Doug Root, director of sales and marketing, Atlanta Light Bulb Inc., Tucker, Ga., says that while low-power LEDs have their place, particularly in accent lighting applications or as indicator lights, when used in the wrong applications they can give LED lighting a bad name. He is worried that because the first wave of LED products now hitting consumer markets through Wal-Mart and other big-box retailers often utilize low-power LEDs, the poor light quality and short lamp life they may offer will give consumers a bad first experience with LEDs. Root says some of these low-power LEDs are basically “glorified indicator lamps.” He has found a natural application for low-powered LEDs as the red and green indicator lights on automatic teller machines (ATMs), which in the past had been using 150W PAR lamps.

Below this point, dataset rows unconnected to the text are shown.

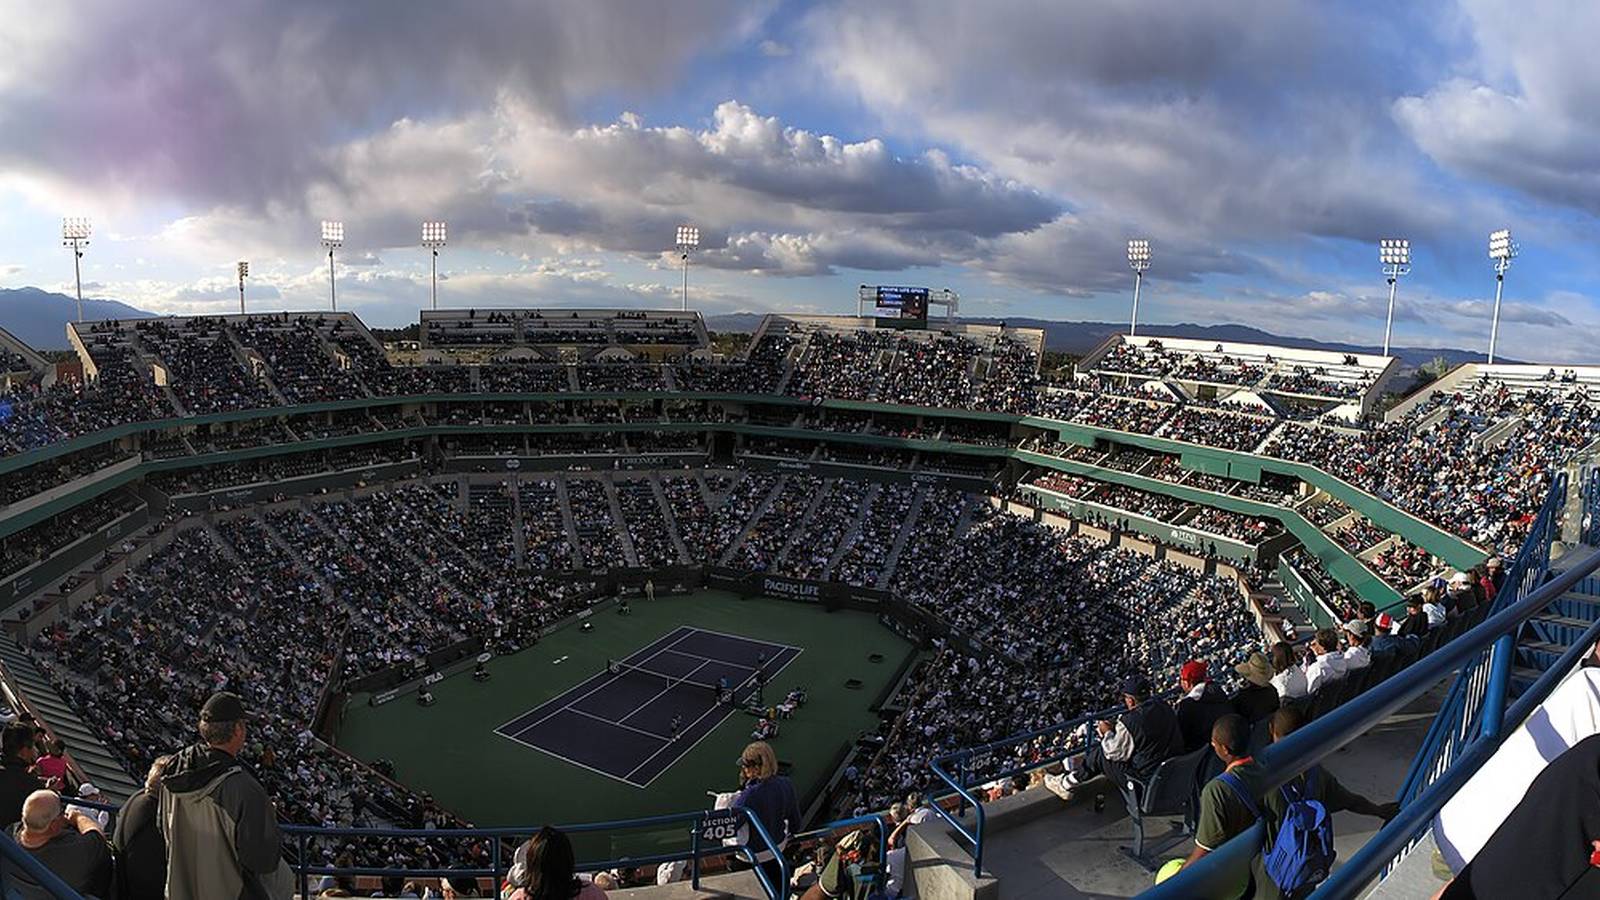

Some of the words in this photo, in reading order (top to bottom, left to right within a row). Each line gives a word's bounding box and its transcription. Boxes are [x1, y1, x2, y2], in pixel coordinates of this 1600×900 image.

[764, 578, 798, 594] PACIFIC
[799, 583, 819, 596] LIFE
[424, 672, 444, 685] FILA
[702, 816, 737, 827] SECTION
[703, 824, 736, 840] 405

“LEDs have come down to the consumer market so fast,” he says. “It has already become mainstream, but the technology is not even there to be a viable technology. There is a gamut out there from a $2 LED to a $400 LED. What happens is the public buys on price, and they are going to buy the technology that's not the best. It will give LEDs a bad name in the public view, right before it's getting ready to take off.

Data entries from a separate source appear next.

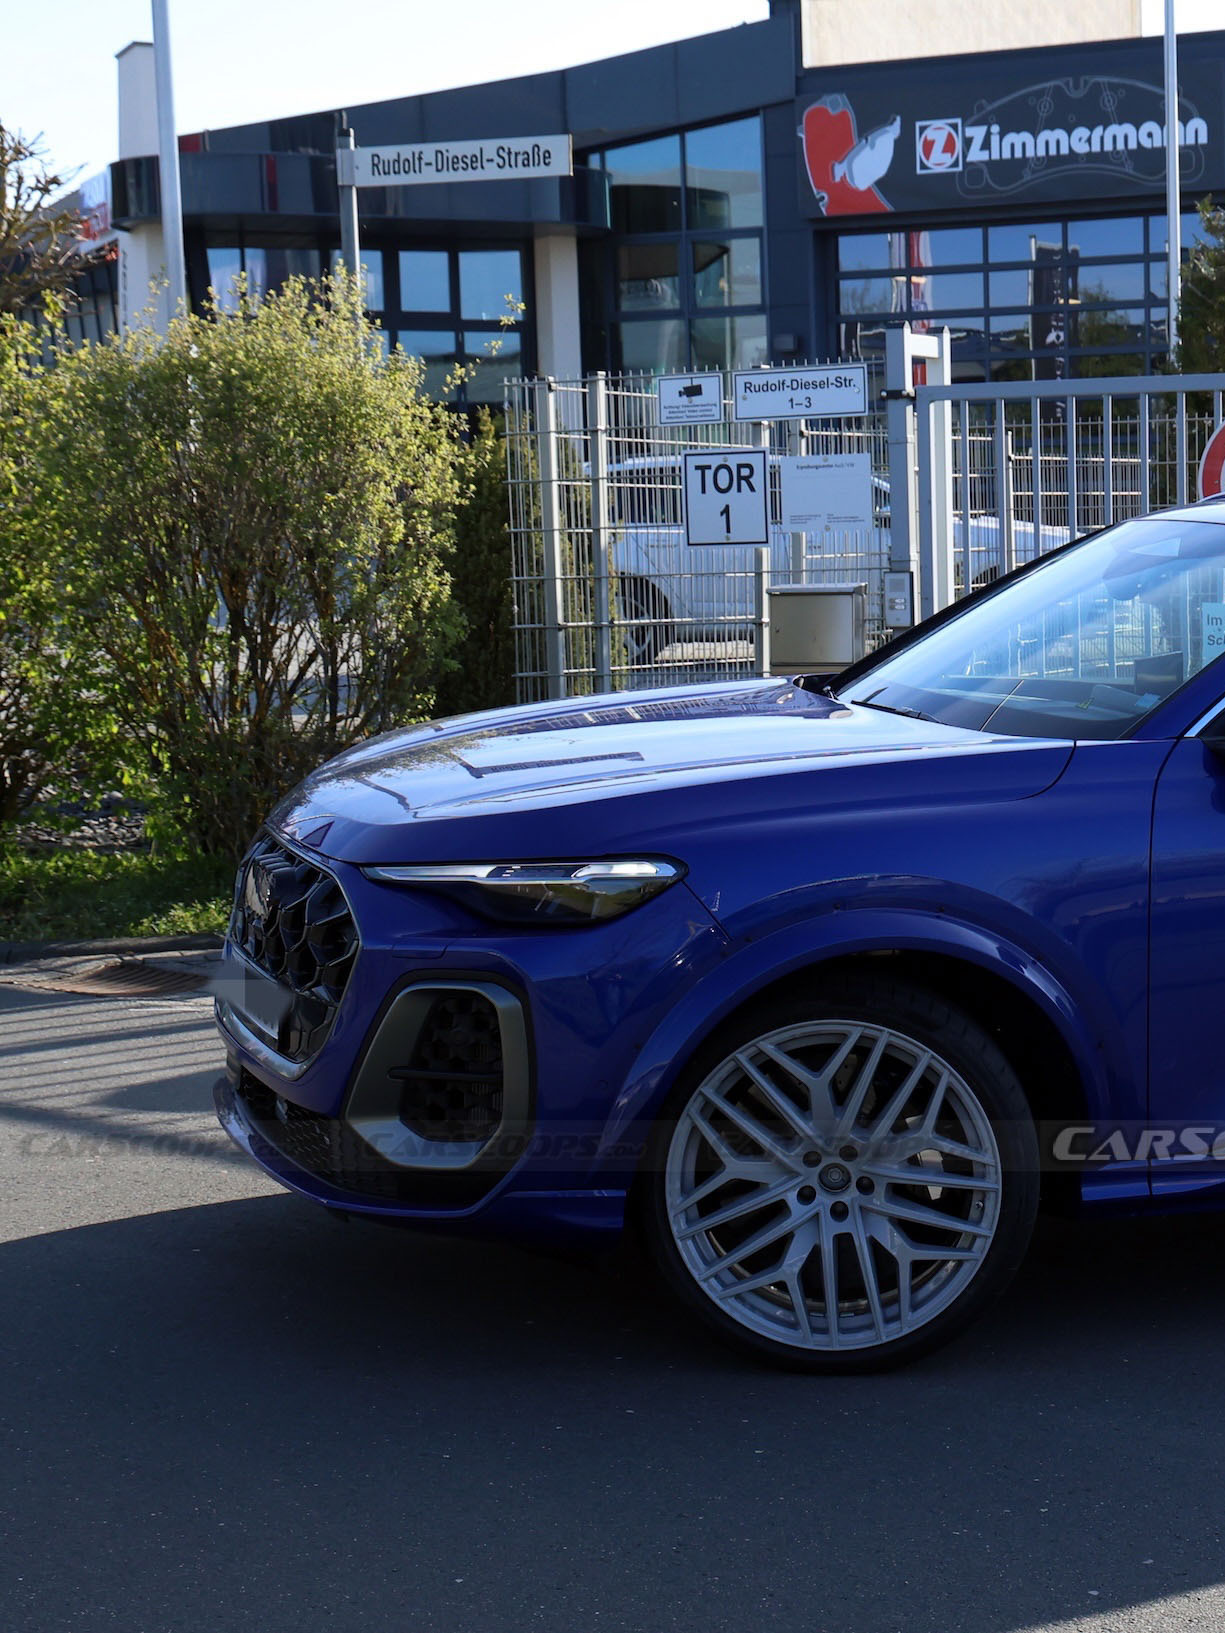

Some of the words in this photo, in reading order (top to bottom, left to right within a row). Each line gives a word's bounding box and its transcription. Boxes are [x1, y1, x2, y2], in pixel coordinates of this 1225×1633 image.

[371, 143, 552, 177] Rudolf-Diesel-Straße
[743, 375, 857, 394] Rudolf-Diesel-Str.
[694, 462, 756, 494] TOR
[719, 504, 731, 534] 1
[1206, 614, 1223, 626] Im

“You have to always question a customer about what they want to do with the LED. Low-powered LEDs have their place, like in accent lighting. They are not good for general lighting. Some LED manufacturers take about 20 low-power LEDs and a PAR 30 or PAR 38 bulb, take out the insides of the bulb and then put an electronic circuit board down inside of it and hook these LEDs into it. It's just a whole bunch of LEDs stuffed into an envelope that looks like a lamp. They are going to degrade over time. There is no metal in it, so there is no heat sink. High-powered LEDs are really good for certain applications, like open track lighting. Once you enclose a LED you have some heat issues.”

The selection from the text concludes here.